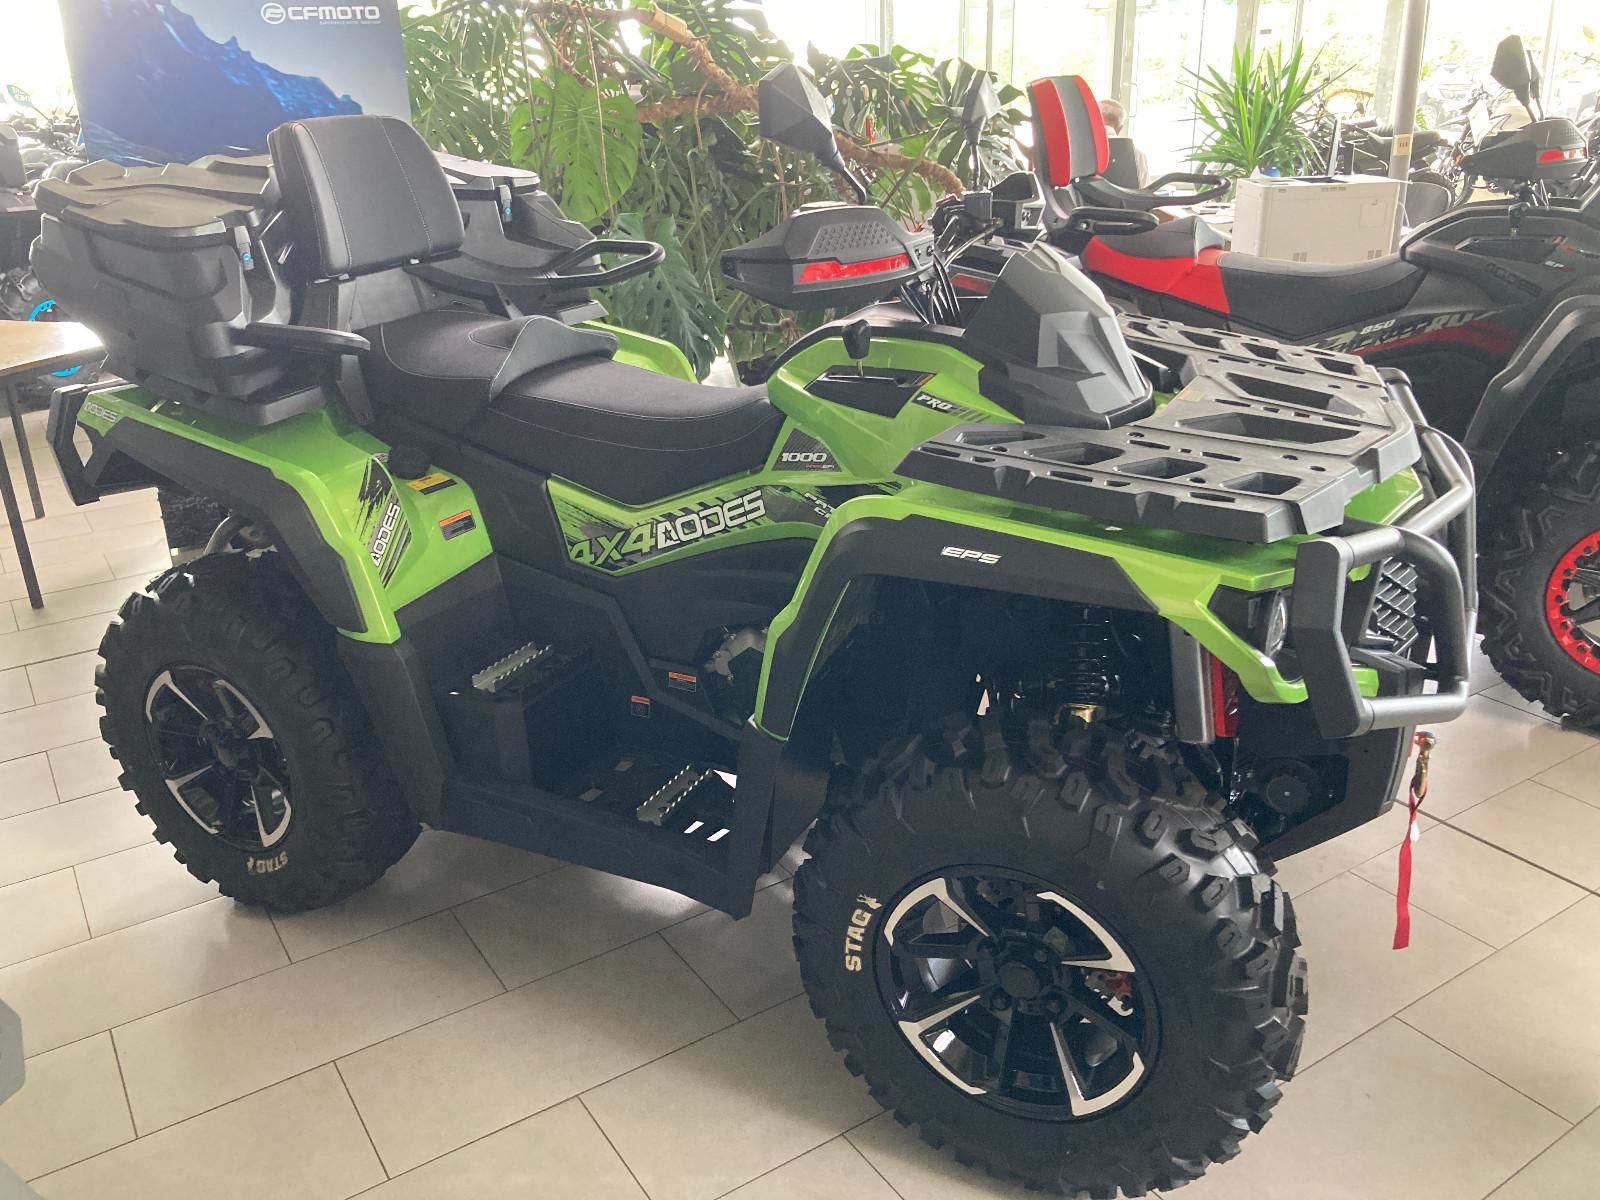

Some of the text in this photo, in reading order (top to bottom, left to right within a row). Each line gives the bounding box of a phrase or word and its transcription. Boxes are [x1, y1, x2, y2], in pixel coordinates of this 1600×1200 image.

[287, 5, 381, 20] CFMOTO
[1360, 318, 1397, 335] 850
[916, 393, 953, 411] PRO
[781, 452, 827, 462] 1000
[656, 489, 766, 550] AODES
[370, 502, 401, 568] AODES
[941, 546, 1003, 564] EPS
[845, 908, 873, 972] STAG
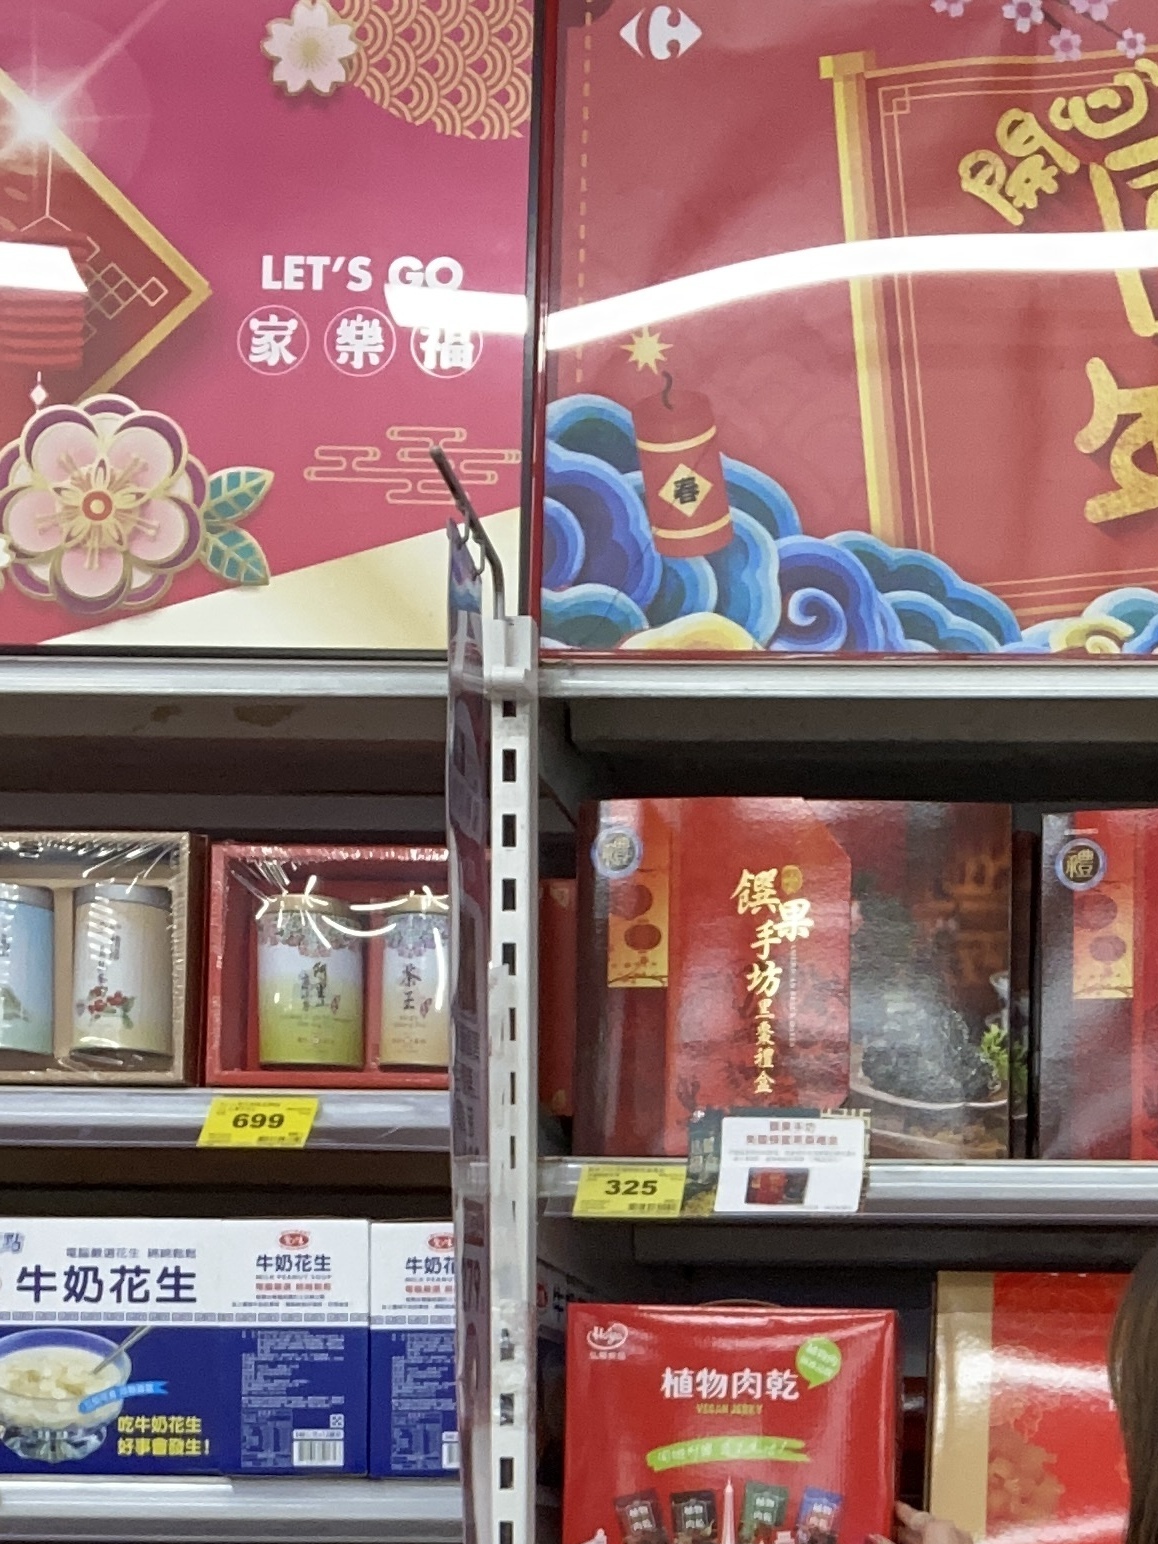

What to work on
From the first line to the last, print the records exactly; leave out the pictures.

Exercise response
Some of the text in this photo, in reading order (top to bottom, left to right within a row). Each line gives the bounding box of a phrase or word and its transcription. Boxes are [x1, y1, x2, y2], in pixel coordinates of this 1600×1200 image.

[287, 5, 381, 20] CFMOTO
[1360, 318, 1397, 335] 850
[916, 393, 953, 411] PRO
[781, 452, 827, 462] 1000
[656, 489, 766, 550] AODES
[370, 502, 401, 568] AODES
[941, 546, 1003, 564] EPS
[845, 908, 873, 972] STAG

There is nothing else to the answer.